Der Heilpraktiker unterliegt keinem generellen gesetzlich normierten Werbeverbot. Jedoch hat er bei jeder unmittelbaren oder mittelbaren Werbung, sei es für seine Person, seine Praxis oder seine Tätigkeit, die gesetzlichen Bestimmungen, (insbesondere diejenigen des “Gesetzes über den unlauteren Wettbewerb (UWG)", des Gesetzes über die “Werbung auf dem Gebiete des Heilwesens (HWG)", die wesentliche werbliche Einschränkungen enthalten, zu beachten. Die einschlägige laufende Rechtsprechung ist zu berücksichtigen.
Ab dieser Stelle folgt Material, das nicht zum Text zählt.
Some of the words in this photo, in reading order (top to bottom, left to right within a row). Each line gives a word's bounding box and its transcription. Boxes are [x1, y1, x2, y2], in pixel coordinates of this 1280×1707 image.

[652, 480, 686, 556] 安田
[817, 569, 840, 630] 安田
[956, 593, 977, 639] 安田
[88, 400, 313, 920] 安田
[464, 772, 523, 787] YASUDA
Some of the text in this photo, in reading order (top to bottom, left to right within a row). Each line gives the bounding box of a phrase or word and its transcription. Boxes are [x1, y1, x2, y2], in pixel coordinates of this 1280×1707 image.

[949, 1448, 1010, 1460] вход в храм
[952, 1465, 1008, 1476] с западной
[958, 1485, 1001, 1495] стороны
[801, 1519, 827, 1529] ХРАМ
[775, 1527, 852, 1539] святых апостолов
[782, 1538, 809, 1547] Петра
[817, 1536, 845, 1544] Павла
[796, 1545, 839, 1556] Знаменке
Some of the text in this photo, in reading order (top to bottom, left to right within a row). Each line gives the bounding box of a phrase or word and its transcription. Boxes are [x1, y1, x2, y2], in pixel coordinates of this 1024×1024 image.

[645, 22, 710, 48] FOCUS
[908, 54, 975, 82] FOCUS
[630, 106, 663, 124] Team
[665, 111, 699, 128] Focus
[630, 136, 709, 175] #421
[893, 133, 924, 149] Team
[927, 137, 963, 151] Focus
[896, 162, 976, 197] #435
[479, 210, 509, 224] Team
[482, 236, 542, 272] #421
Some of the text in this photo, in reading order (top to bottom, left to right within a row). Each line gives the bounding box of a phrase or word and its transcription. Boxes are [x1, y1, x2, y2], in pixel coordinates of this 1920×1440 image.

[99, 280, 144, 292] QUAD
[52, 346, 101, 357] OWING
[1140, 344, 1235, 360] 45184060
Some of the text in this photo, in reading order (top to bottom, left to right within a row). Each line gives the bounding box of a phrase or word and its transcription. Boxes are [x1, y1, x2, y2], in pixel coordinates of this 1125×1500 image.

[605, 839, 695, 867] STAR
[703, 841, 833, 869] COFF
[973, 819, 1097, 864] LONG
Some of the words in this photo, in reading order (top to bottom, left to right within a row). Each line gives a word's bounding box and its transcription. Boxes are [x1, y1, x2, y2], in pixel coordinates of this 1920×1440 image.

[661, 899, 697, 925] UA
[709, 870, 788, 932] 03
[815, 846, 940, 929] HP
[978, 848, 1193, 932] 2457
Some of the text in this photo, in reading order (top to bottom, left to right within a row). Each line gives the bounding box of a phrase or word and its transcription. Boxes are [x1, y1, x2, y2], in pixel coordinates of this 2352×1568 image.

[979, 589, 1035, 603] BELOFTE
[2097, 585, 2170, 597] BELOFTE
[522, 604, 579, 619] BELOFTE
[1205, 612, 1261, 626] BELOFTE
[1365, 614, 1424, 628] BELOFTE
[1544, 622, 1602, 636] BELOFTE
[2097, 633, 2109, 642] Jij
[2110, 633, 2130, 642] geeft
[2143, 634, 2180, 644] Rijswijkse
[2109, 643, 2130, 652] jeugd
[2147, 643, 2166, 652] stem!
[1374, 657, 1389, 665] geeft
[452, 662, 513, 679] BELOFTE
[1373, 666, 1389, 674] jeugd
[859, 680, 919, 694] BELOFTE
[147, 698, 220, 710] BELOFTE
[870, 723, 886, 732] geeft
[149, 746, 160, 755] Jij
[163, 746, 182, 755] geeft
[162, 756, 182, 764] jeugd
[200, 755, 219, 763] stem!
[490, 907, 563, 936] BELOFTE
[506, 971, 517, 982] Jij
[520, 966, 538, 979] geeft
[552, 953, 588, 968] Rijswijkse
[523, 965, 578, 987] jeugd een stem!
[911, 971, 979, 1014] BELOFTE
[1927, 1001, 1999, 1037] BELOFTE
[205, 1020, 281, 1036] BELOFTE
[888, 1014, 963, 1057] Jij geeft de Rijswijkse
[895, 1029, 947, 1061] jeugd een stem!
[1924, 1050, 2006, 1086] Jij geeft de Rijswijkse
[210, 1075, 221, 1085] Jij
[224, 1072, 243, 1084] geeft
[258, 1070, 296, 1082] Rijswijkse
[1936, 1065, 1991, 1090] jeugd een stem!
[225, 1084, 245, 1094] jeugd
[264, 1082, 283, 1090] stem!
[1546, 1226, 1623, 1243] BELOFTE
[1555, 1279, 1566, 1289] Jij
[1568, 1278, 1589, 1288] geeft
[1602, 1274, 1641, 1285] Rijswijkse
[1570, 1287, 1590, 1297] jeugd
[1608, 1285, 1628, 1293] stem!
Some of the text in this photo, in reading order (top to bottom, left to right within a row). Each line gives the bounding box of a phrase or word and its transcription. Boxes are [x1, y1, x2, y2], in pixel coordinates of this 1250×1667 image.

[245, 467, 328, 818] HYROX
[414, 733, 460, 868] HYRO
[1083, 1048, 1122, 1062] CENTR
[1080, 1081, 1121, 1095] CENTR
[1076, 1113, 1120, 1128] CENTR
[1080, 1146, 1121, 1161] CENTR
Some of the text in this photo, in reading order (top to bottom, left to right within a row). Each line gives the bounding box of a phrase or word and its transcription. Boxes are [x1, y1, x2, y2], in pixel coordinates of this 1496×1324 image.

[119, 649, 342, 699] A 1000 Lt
Bezüglich UWG und HWG wird ausdrücklich auf den Anhang verwiesen.

1. Unzulässig ist jede irreführende Werbung, die mit den guten Sitten der Heilberufe nicht zu vereinbaren ist (UWG, § 1).

2. Die Mitwirkung des Heilpraktikers an aufklärenden Veröffentlichungen medizinischen Inhaltes in Presse, Funk und Fernsehen sowie anlässlich von Vorträgen sollte so erfolgen, dass sich seine Mitwirkung auf sachliche Informationen beschränkt.

3. Er verpflichtet sich, darauf hinzuwirken, dass jede unzulässige Werbung, die ohne seine Kenntnisse oder Mitwirkung erfolgt ist, richtiggestellt wird und künftig unterbleibt.